Policing the Meth Problem

Policing the meth problem is an essential part of our program to remove the immediate threat of methamphetamines in the community. 
From person to person, the meth issue can be solved through mediation and rehabilitation.  Treatment and education can stop one meth user at a time, but to stop the spread of Meth on the whole, we need to have the police step in.  Police officers can, literally, take most of the methamphetamine off our streets.  By use of investigations, arrests, and convictions, meth dealers can be caught and brought to justice.  By removing the meth from our streets, affected users can be taken to treatment or rehabilitation centers and the community can fight to keep this horrible drug out.
Despite regulations and punishment from the justice system, Meth continues to spread and leave a path of destruction in its wake.  Meth punishments, historically, have increased from simple fines to jail time.  These regulations and punishments have been exponentially increasing in severity, yet meth users continue not to be discouraged enough to stop.  Treatment programs can be found in almost every prison, but police officials continue seeing repeat offenders and programs that are simply not working.
Meth cookers and dealers are spreading their poison around Indian country, especially on the Yurok Reservation.  Our officers have been trained to recognize possible meth cooking locations, the proper ways to deal with known or suspected meth users, and other tactical strategies for removing meth from our community.  We have assisted in their normal police work by implementing newer police technologies such as weaponry, global positioning and communication gear, and surveillance equipment.
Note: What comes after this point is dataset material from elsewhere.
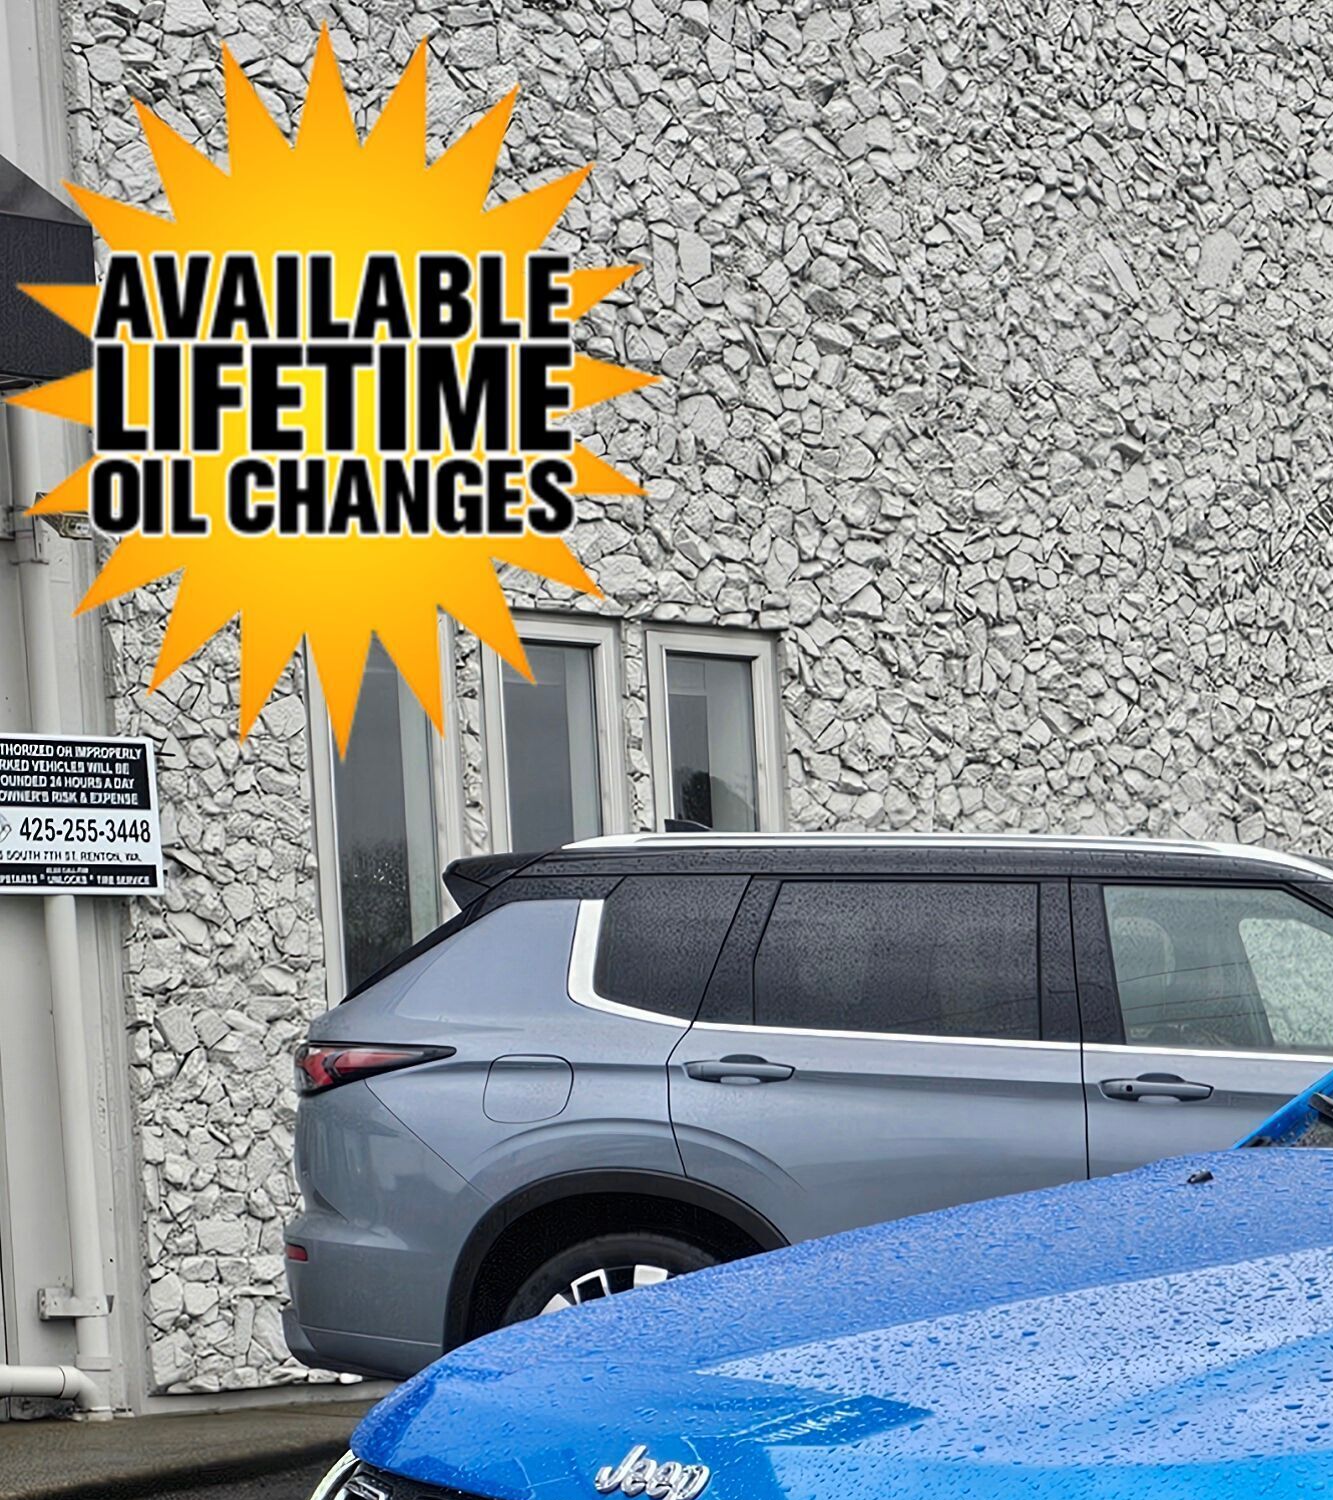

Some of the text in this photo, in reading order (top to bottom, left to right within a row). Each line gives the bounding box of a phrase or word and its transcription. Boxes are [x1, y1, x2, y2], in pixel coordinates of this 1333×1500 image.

Here are some links to our policing agencies that are helping to fight methamphetamine on a local level:

Yurok Tribal Police, Del Norte CountySheriff’s Office, Humboldt County Sheriff’s Office

Meth has spread worldwide due to the ease of manufacturing and amount of demand.  Currently in the United States, very little meth is manufactured domestically.  Most of the nation’s methamphetamine is made in Mexico and illegally transported across the border.  The Mexican cartel drug runners have infiltrated numerous areas around the nation, most commonly Indian country due to its remote characteristics and lack of enforcement.

Here are some other websites of agencies who fight meth on a state wide and national level:

California Highway Patrol

National Indian Justice Center

National Native American Law Enforcement Association

US Border Patrol

Beyond the police department, communities and tribes can help to police meth in their own ways.  Some tribes have enacted enrollment penalties for convicted drug users, or in the case of sex offenders, made their home location public knowledge.  By separating and alienating drug manufacturers and users, drug use and sale can be further discouraged beyond the point that the law can offer.